>>Bassin d'Arcachon: les huîtres de nouveau consommables, pas les moules
Huître équipée d'électrodes dans un aquarium du CNRS à Arcachon, le 5 septembre. |
Le mollusque bivalve "est très bien outillé pour goûter la qualité de l'eau qu'il filtre toute la journée" et réagir à la moindre fuite d'hydrocarbure émanant de plateformes offshore ou de raffineries dans les estuaires de l'hexagone, explique Jean-Charles Massabuau, directeur de recherche au Centre national de la recherche scientifique (CNRS). Il planche sur le sujet depuis 2011. C'est lui qui, le premier, a établi que l'huître réagissait au son, et montré avec l'Université de Bordeaux, comment on peut l'utiliser comme "biocapteur de l'eau".
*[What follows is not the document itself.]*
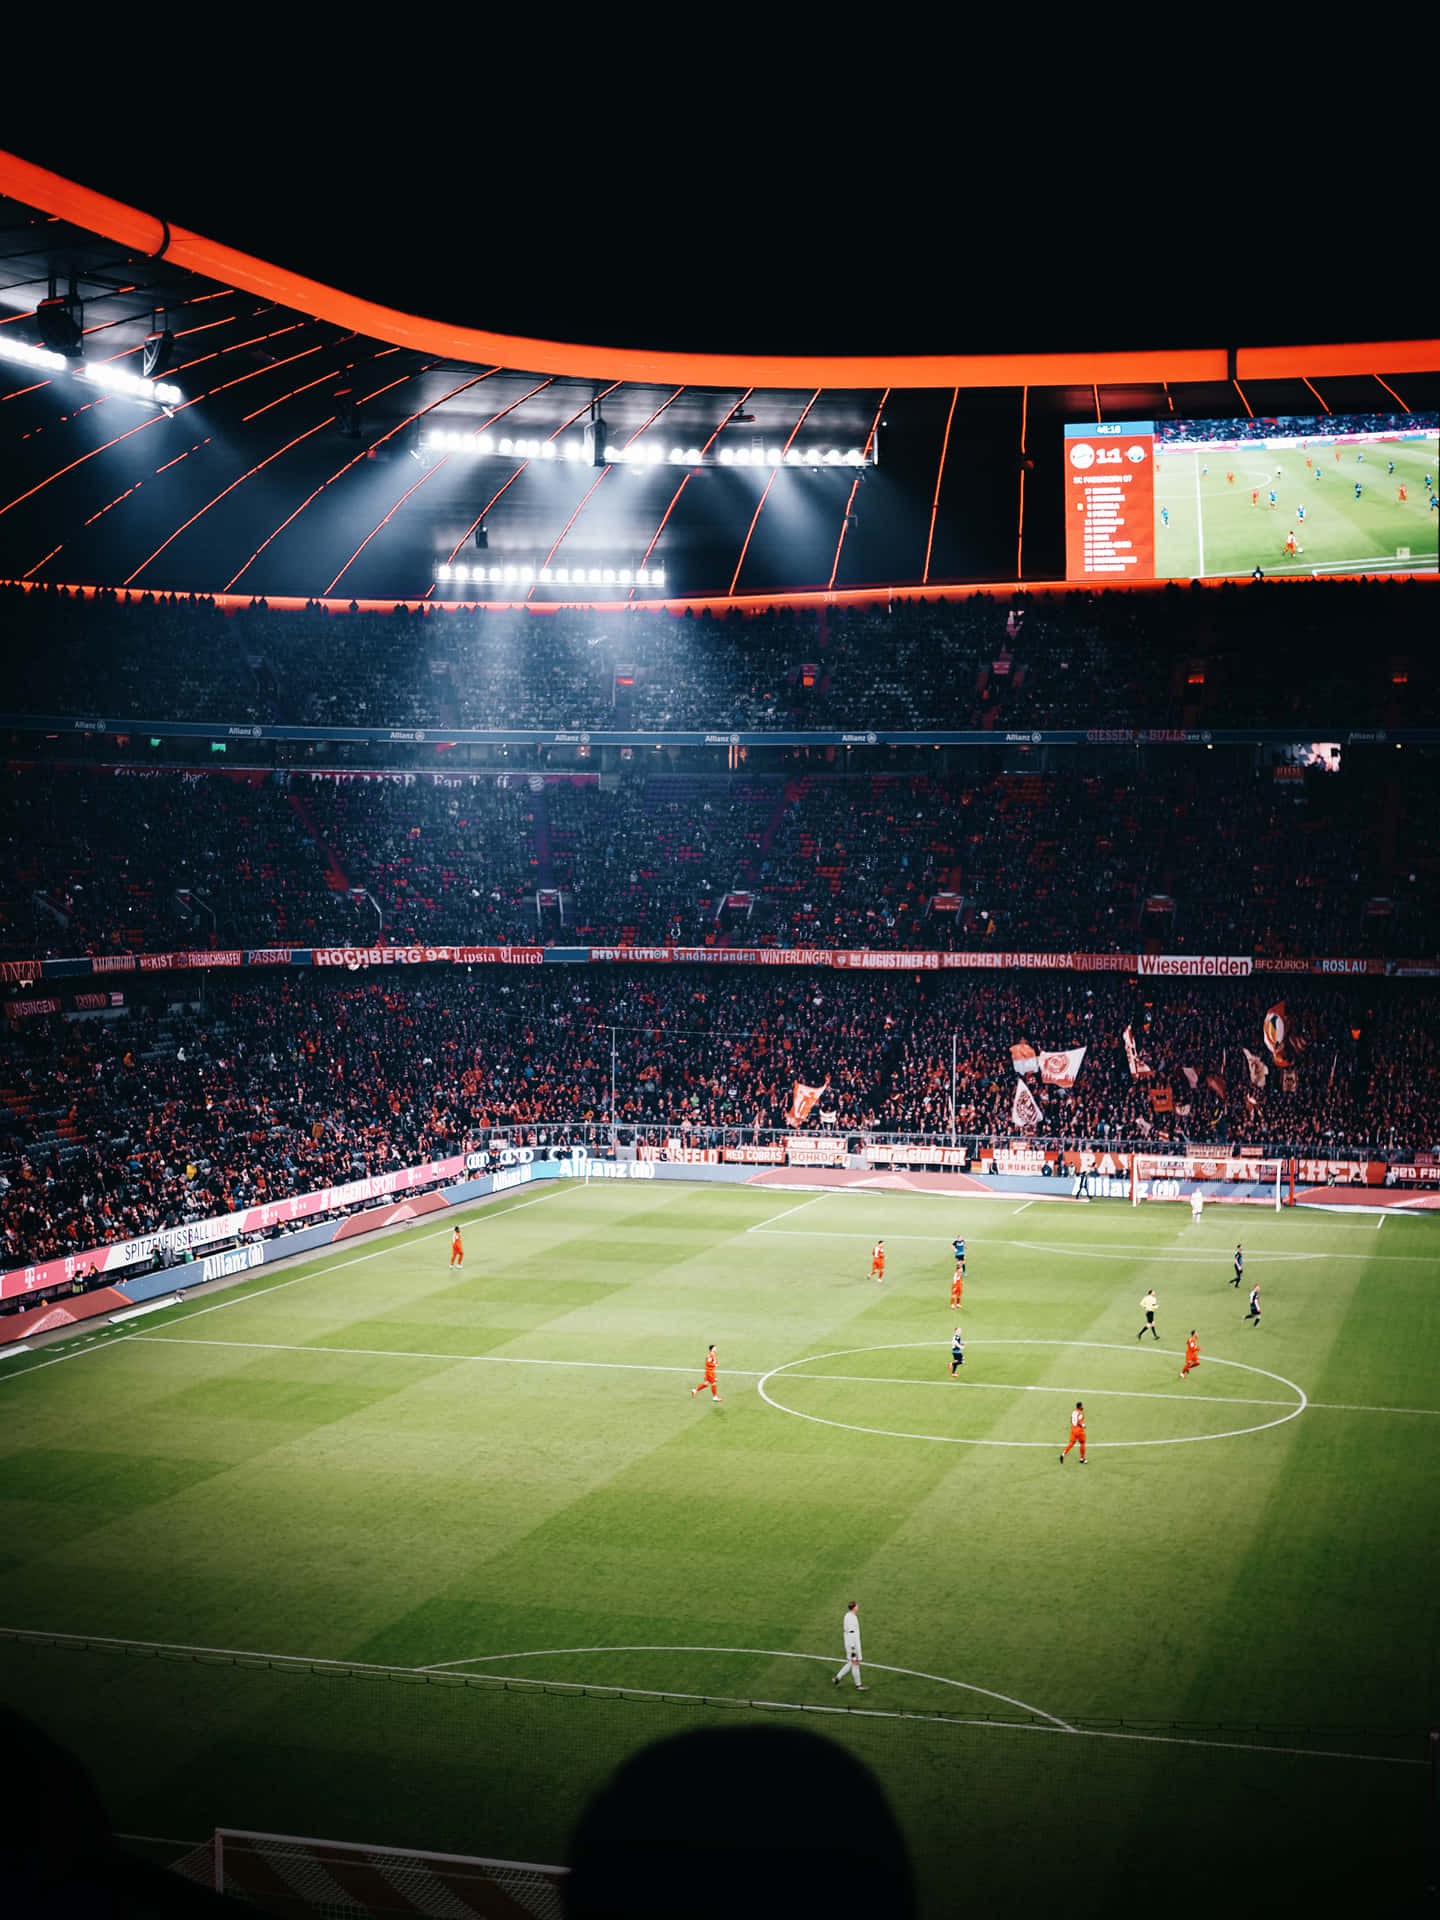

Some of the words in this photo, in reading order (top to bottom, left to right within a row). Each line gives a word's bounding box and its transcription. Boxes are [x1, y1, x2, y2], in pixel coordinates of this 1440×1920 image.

Dans la deuxième station marine la plus ancienne au monde, le laboratoire exigü est plongé dans le noir pour les besoins de l'expérience. Entre paillasses et microscopes, le biologiste scrute dans l'aquarium le comportement d'une douzaine d'huîtres connectées à des électrodes, sur une "table isolante", faite de bric et de broc (plaques de polystyrène et béton, balles de tennis et chambres à air). Le tout planté dans des boîtes de conserve remplies de sable. Ici, on applique la "méthode valvométrique" permettant de mesurer en temps quasiréel les cycles d'ouverture et de fermeture des valves de l'huître. Objectif: déterminer à distance l'état de santé de l'animal pour fabriquer un indicateur de la qualité de l'eau.
L'huître est le cobaye idéal. Sédentaire, elle peut être facilement suivie en temps réel dans son milieu naturel, "et n'a rien d'autre à faire que de capter le bruit ambiant, les variations de température ou de lumière", selon le scientifique. Son hypersensibilité fait d'elle un excellent lanceur d'alerte, bien avant que ne survienne une marée noire. L'hyperactivité des valves est un premier signal d'alerte. Comme chez l'Homme, le stress peut modifier les rythmes du sommeil, de la reproduction, et même l'appétit.
"L'électrode collé sur la valve envoie des signes à chaque mouvement, relayés par un ordinateur - conçu par le laboratoire - qui les transforme en alerte", explique le scientifique. La réponse du mollusque est immédiate et d'autant plus forte que la concentration de pétrole est élevée. Une observation éprouvée en mer de Barents, et dans les canaux artificiels du site de Total à Lacq (Pyrénées-Atlantiques).
Le géant Total intéressé
Car Total n'a pas tardé à s'intéresser aux travaux de cette petite cellule de biologistes, mathématiciens et informaticiens, lui apportant son soutien financier.
Jean-Charles Massabuau, directeur de recherche au CNRS, observe des huîtres équipées d'électrodes dans un aquarium du CNRS à Arcachon, le 5 septembre |
La valvométrie est un outil prometteur "pour le suivi industriel de la qualité des milieux aquatiques autour de nos installations", et pour une détection "très précoce" de possibles fuites "silencieuses", assure Philippe Blanc, responsable de la lutte anti-pollution, chez Total. La multinationale, partenaire du laboratoire depuis 2012, a donc conclu "des accords contractuels" avec l’Université de Bordeaux et le CNRS, pour amener cette technologie "au niveau d’un outil industriel performant, fiable et reconnu". Une collaboration, représentant "un investissement en dépenses externes d’environ 1,7 million d'euros", selon Total.
Après un premier "pilote" sur le champ d'Abu Al Bukhoosh, au large d’Abu Dhabi où des huîtres perlières ont séjourné 14 mois sous une plateforme pétrolière, Total veut en équiper d'autres "sur le champ d’Al Khalij au Qatar". Mais ce partenariat peut être "à double tranchant" pour le géant pétrolier, bête noire des écologistes. "Car l'huître peut révéler beaucoup de choses", prévient Jean-Charles Massabuau.
"Pour redorer une très mauvaise image de marque, ajoute-t-il, Total cherchait des techniques et des hommes pouvant servir de référents, afin de montrer les efforts qu'il essaie de faire pour être plus propre". Mais plutôt qu'une "caution scientifique", le chercheur préfère être une "garantie crédible". "À condition toutefois que l'industriel s'engage à résoudre concrètement, en étroite concertation avec le laboratoire, et en toute transparence, tout problème éventuel de pollution aussitôt qu'il serait détecté". "Parce que moi, insiste le biologiste, mon problème c'est que la mer soit plus propre, et les industriels aussi".